*Work request*
Retype all the records below exactly as they are, with no image carried over.

[Dataset entries]
• • • •
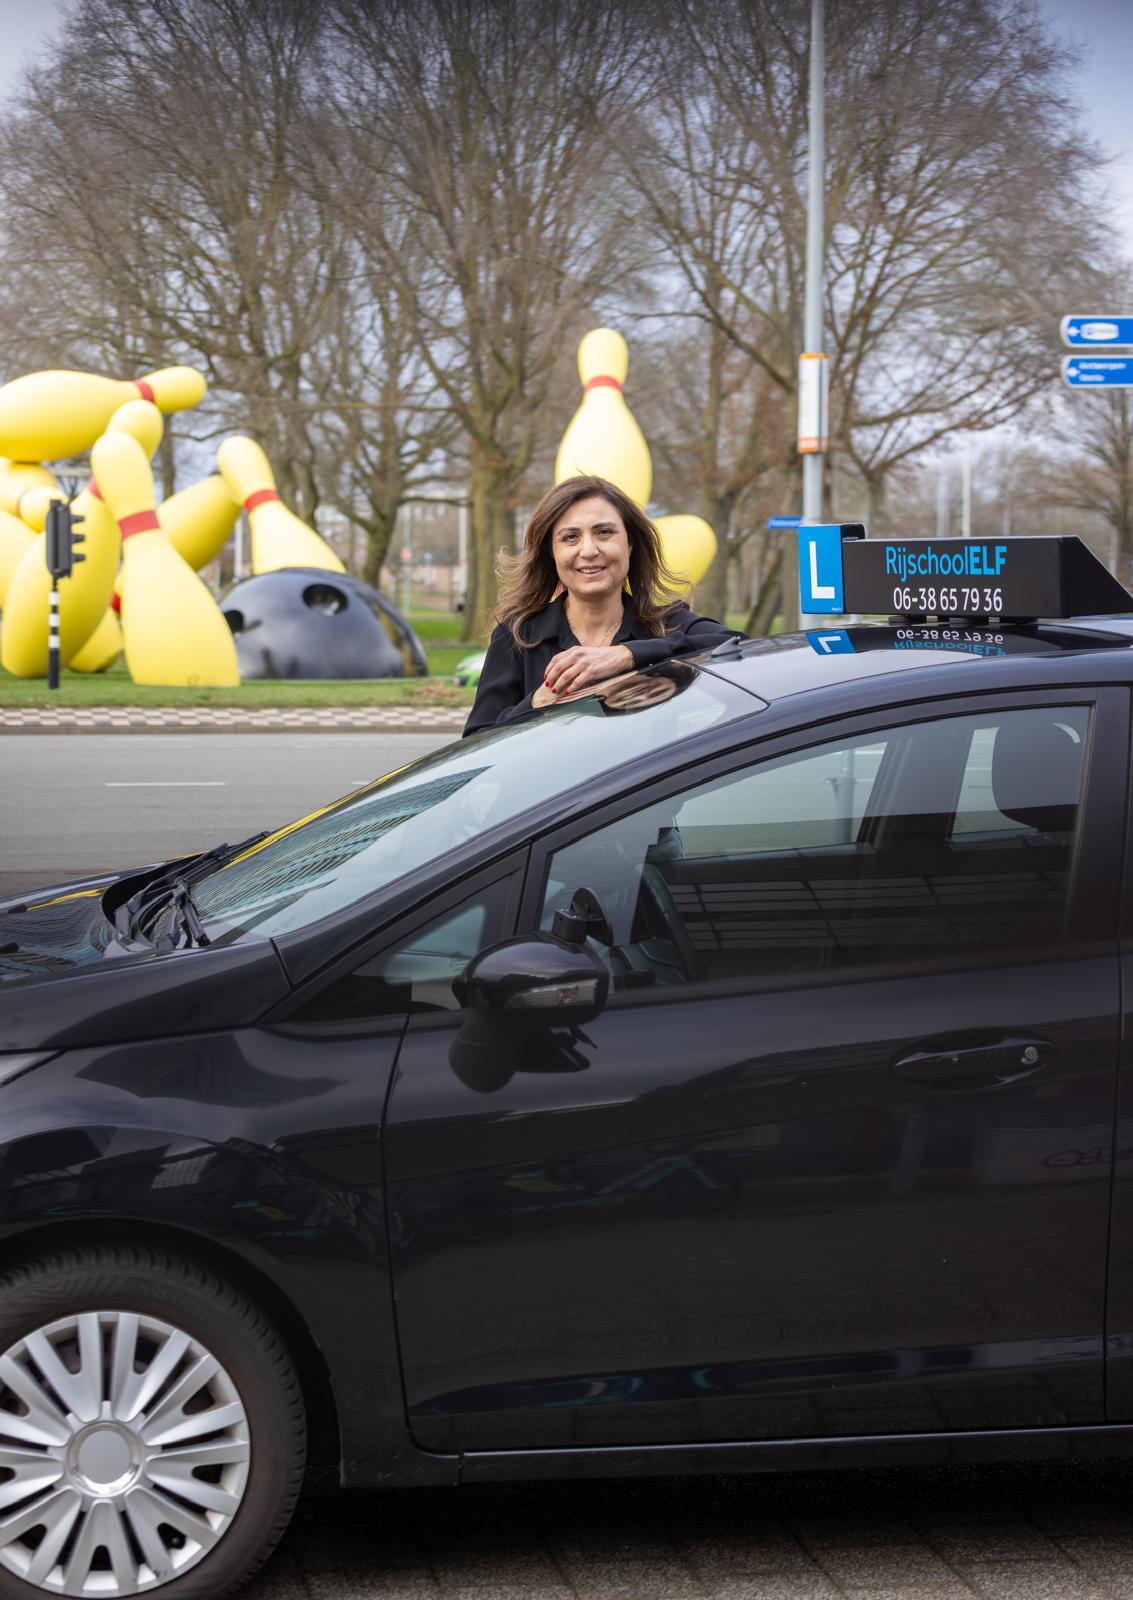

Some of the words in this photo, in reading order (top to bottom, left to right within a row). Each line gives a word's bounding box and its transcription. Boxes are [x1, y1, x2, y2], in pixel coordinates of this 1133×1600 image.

[808, 541, 836, 599] L
[885, 545, 1008, 582] RijschoolELF
[893, 587, 937, 611] 06-38
[940, 587, 958, 611] 65
[961, 587, 980, 611] 79
[983, 588, 1003, 612] 36
• • • •
*Solution to the exercise*
Some of the words in this photo, in reading order (top to bottom, left to right within a row). Each line gives a word's bounding box and its transcription. Boxes are [x1, y1, x2, y2], in pixel coordinates of this 1133×1600 image.

[808, 541, 836, 599] L
[885, 545, 1008, 582] RijschoolELF
[893, 587, 937, 611] 06-38
[940, 587, 958, 611] 65
[961, 587, 980, 611] 79
[983, 588, 1003, 612] 36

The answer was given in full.